To explore the microscopic world, people have been using conventional optical microscopy for a long time. However, due to the diffraction limit the highest resolution of conventional optical microscope is only about λ/2, where λ is the wavelength of illuminating light. As a result, the conventional optical microscope could not be used to see objects smaller than ˜200 nm when using visible light. To break the diffraction limit, one current approach is based on Near-field Scanning Optical Microscope (NSOM) [1], which has found wide applications in nano-technologies, materials science, biology and other areas. The advantages of NSOM imaging include: sub-wavelength resolution (50-200 nm) using visible or near-IR light, simultaneous acquisition of optical and topographical information, capable of imaging aqueous samples. In addition, since NSOM imaging system is able to use various light sources to illuminate specimen surface, it may provide more functions, such as excitation and fluorescence of material under study.

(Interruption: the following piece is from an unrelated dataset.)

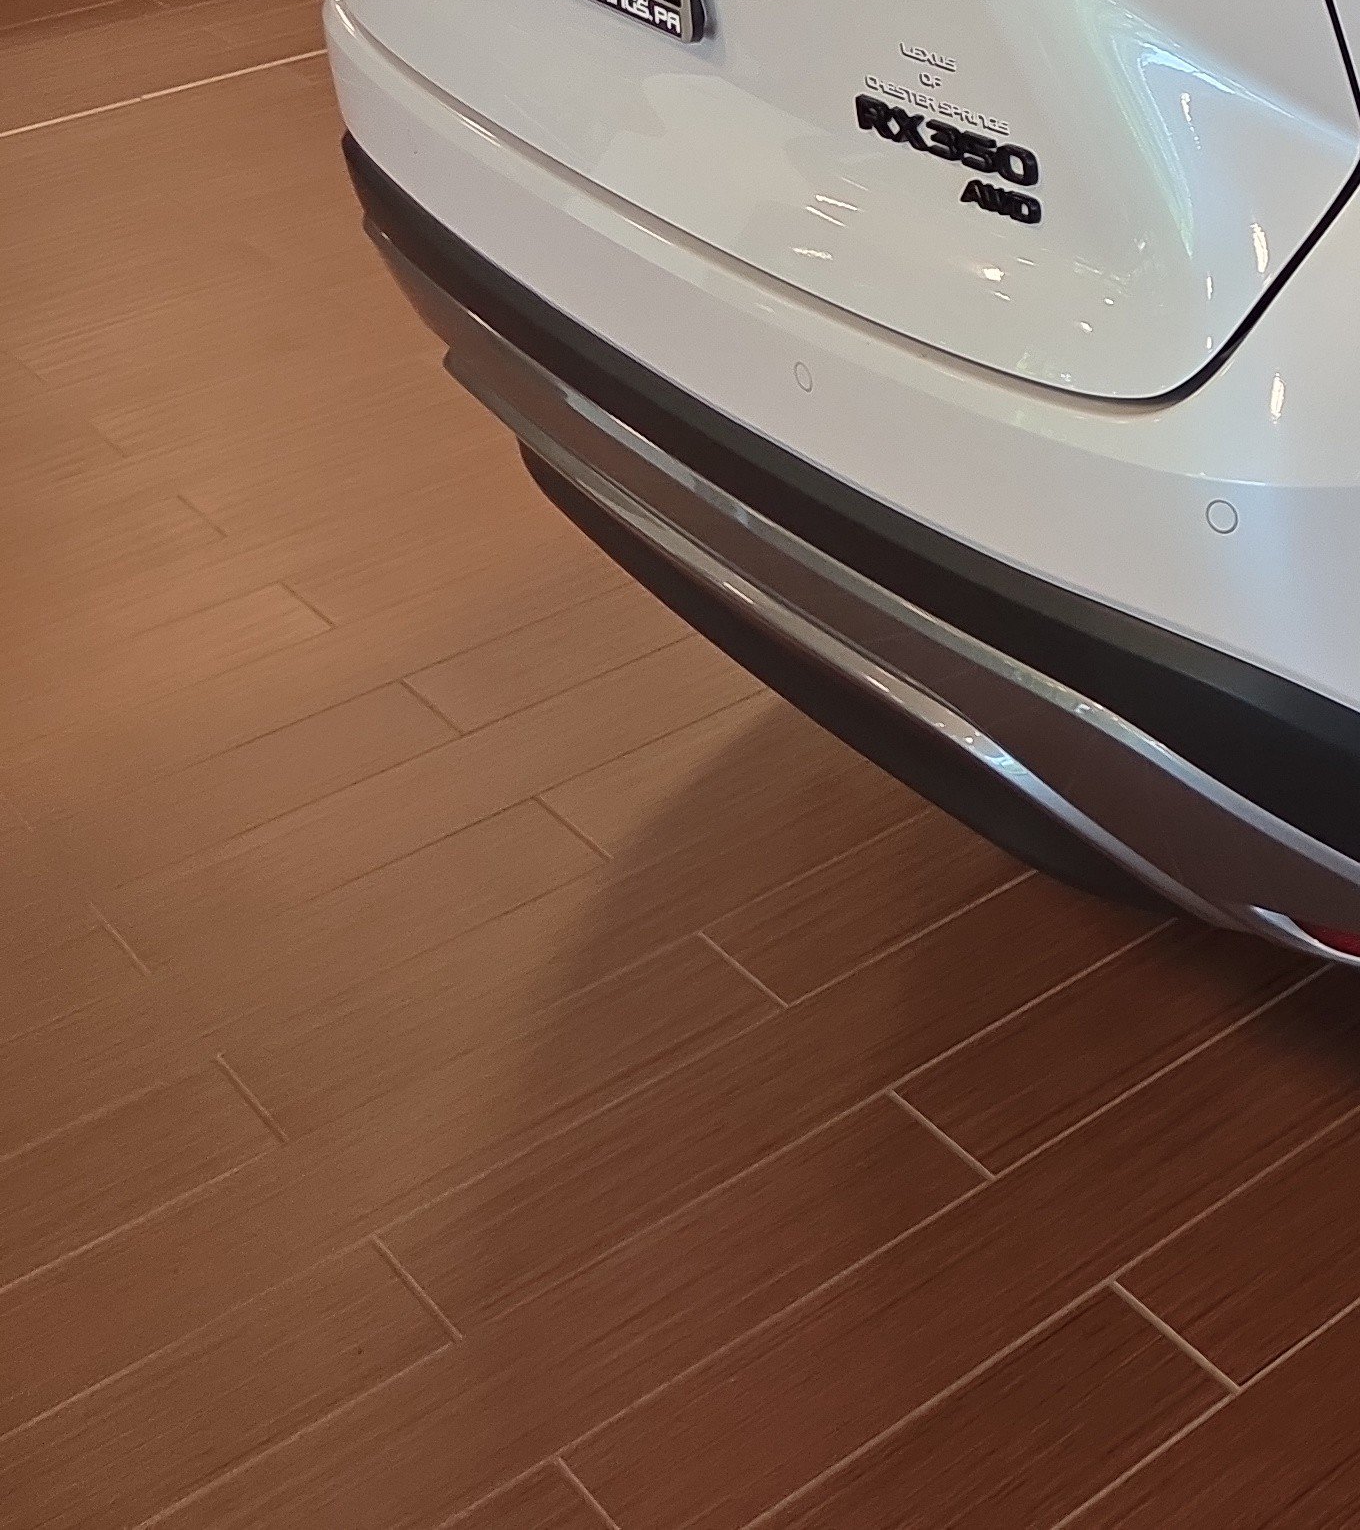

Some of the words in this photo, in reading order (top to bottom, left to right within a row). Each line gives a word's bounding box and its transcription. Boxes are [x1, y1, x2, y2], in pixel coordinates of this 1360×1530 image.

However, one main limitation of NSOM is the very low light power throughput of its near-field scanning tip, typically 10−3 to 10−6 throughput for 200 nm to 50 nm wide tip apertures [2] at λ=500 nm. Another limitation of NSOM is that it requires the mechanical scanning of the near-field tip to image an object, which will inevitably lead to a slow-speed and still-object only imaging.
Therefore, a heretofore unaddressed need exists in the art to address the aforementioned deficiencies and inadequacies.